Whitney's estranged daughter Kate, a prosecutor, accompanies Frank to Whitney's home in search of clues. Together with Kate, for whom he feels a growing attraction, Seth enters Luther's townhouse and Kate sees the numerous photos of her that line her father's house, including photos where she did not know he was there, which moves her deeply. But the suspicion that he might be Christy Sullivan's murderer gnaws heavily on her and she agrees to set her father up, arranging a meeting at an outdoor café where the police can take him into custody. Frank guarantees Whitney's safety, but Burton learns of the plan through the wiretap, and both Collin and McCarty – a hitman hired by a vengeful Sullivan – prepare to kill Whitney. The two snipers, each unaware of the other, try to shoot Whitney when he meets with Kate. Whitney escapes disguised as a police officer. Whitney later explains to Kate exactly how Christy was killed and by whom.

Whitney tricks Russell into wearing Christy's diamond necklace during a White House event. Suspecting that Kate must know the truth, Richmond decides she must be eliminated. When Whitney learns from Frank that the Secret Service has taken over surveillance of Kate, he races back to Washington, D.C. to protect her. Collins then begins ramming Kate's car near a cliff edge, Whitney arrives and pins Collin's vehicle but not before Kate's car falls off a cliff, but she survives. Collin tries again to kill Kate at the hospital with a poison-filled syringe, but Whitney subdues him with a syringe of his own. Collin pleads for mercy, but Whitney delivers a fatal dose.

Whitney replaces Sullivan's chauffeur and tells Sullivan what truly happened the night his wife was killed. Sullivan is unconvinced until Whitney explains how Richmond lied in his speech about Christy's excuse for staying home that night, which he could only have learned from her. He gives Sullivan the letter opener with Richmond's blood and fingerprints and tells him that he has since returned the stolen items.

Whitney drops Sullivan off outside the White House. Sullivan passes through security with the letter opener and enters the Oval Office. Meanwhile, alerted by Whitney that his phone has been bugged, Frank discovers that a remorseful Burton has committed suicide and uses the evidence Burton left behind to arrest Russell. On television, the next morning comes the shocking news from Sullivan that Richmond committed suicide by stabbing himself to death. Though not confirmed, it is suggested that Richmond died by Sullivan's hand or Richmond did in fact commit suicide to avoid punishment for his crimes. Whitney is satisfied that justice has prevailed, and happy his daughter is safe and part of his life again.

At the hospital, Whitney watches over Kate's recovery.
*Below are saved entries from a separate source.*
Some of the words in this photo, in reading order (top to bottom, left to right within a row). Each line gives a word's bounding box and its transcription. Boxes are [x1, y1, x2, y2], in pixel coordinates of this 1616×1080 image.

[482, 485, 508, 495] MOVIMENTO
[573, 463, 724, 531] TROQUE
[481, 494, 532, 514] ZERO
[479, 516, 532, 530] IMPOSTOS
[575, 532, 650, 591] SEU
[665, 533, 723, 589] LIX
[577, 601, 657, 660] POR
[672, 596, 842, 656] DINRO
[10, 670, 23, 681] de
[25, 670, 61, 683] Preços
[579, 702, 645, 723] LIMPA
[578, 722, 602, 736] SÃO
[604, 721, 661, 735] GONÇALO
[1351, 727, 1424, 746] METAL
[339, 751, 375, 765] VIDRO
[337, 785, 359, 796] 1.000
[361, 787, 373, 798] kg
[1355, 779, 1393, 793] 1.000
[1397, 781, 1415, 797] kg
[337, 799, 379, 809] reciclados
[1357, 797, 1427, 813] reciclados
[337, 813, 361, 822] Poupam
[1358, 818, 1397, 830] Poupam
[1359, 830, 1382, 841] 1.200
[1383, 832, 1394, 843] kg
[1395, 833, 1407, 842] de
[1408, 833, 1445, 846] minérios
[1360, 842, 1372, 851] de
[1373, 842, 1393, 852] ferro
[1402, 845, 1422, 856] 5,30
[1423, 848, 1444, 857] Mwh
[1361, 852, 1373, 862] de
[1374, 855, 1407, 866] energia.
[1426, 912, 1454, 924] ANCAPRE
Detective Frank visits briefly, whereupon Whitney suggests to Kate that Frank join them for supper sometime.

Cast 

 Clint Eastwood as Luther Whitney
 Gene Hackman as President Richmond
 Ed Harris as Seth Frank
 Laura Linney as Kate Whitney
 Scott Glenn as Bill Burton
 Dennis Haysbert as Tim Collin
 Judy Davis as Gloria Russell
 E. G. Marshall as Walter Sullivan
 Melora Hardin as Christy Sullivan
 Kenneth Welsh as Sandy Lord
 Penny Johnson as Laura Simon
 Richard Jenkins as Michael McCarty
 Mark Margolis as Red Brandsford

Production 
The worldwide book and film rights to the novel were sold for a reported $5 million. William Goldman was hired to write the screenplay in late 1994. He worked on several drafts through 1995, which he later described in his memoir Which Lie Did I Tell?
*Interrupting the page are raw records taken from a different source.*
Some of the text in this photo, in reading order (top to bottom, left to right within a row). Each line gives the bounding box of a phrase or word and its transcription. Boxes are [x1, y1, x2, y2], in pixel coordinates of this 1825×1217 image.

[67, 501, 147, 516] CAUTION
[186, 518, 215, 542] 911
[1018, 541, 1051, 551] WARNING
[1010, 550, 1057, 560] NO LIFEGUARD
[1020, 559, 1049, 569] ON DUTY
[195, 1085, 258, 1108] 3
When Eastwood first heard of the book being turned into a film, he liked the basic plot and the characters, but disliked that most of those he considered interesting were killed off.  He requested that Goldman make sure that "everyone the audience likes doesn't get killed off." Absolute Power was filmed between June and August 1996.
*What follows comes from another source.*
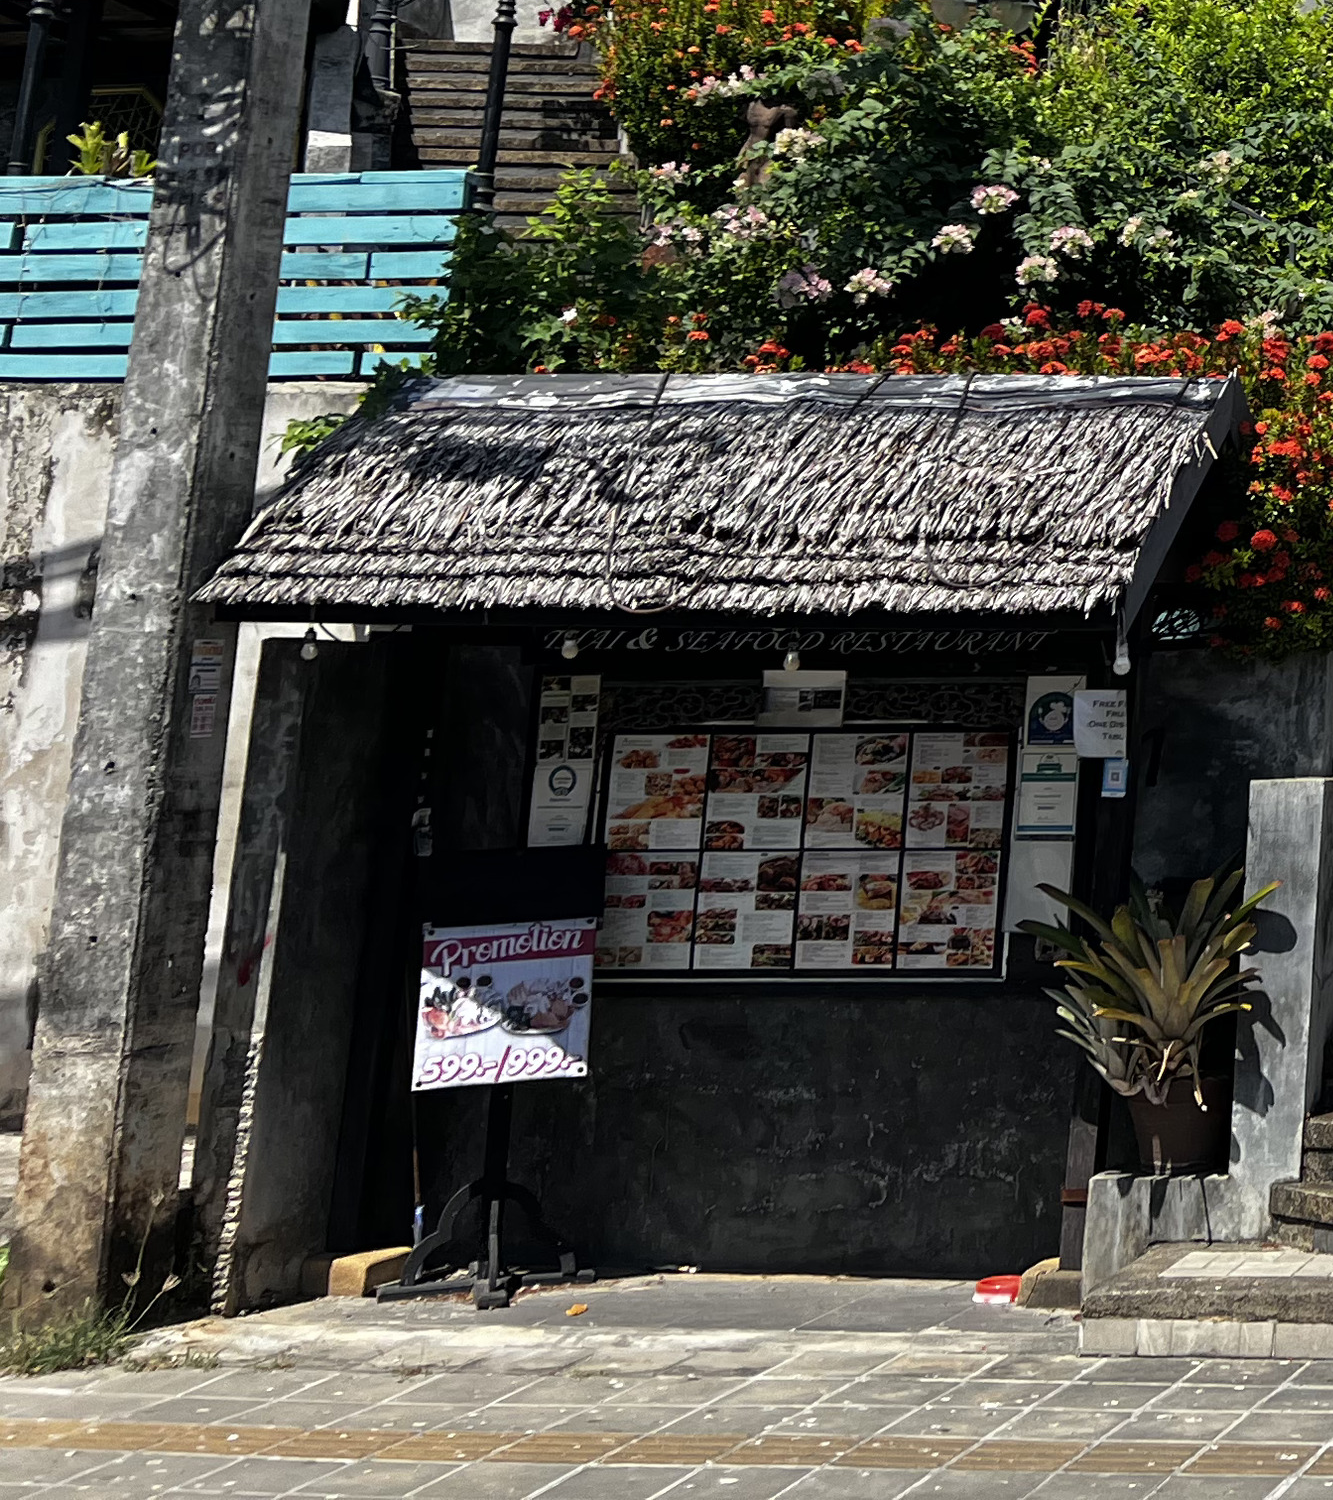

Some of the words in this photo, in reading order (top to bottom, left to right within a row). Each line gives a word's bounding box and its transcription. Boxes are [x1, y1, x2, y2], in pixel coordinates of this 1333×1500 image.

[626, 627, 658, 651] &
[828, 628, 1059, 654] RESTAURANT
[429, 922, 586, 977] Promotion
Among the Washington, D.C. locations used for filming was the apartment of journalist Christopher Hitchens.

Reception

Critical reception 
Absolute Power was met with mixed reviews from critics. In her review in The New York Times, Janet Maslin gave it a mixed review, writing, "Mr. Eastwood directs a sensible-looking genre film with smooth expertise, but its plot is quietly berserk." Maslin goes on to write, "Mr. Eastwood's own performance sets a high-water mark for laconic intelligence and makes the star seem youthfully spry by joking so much about his age."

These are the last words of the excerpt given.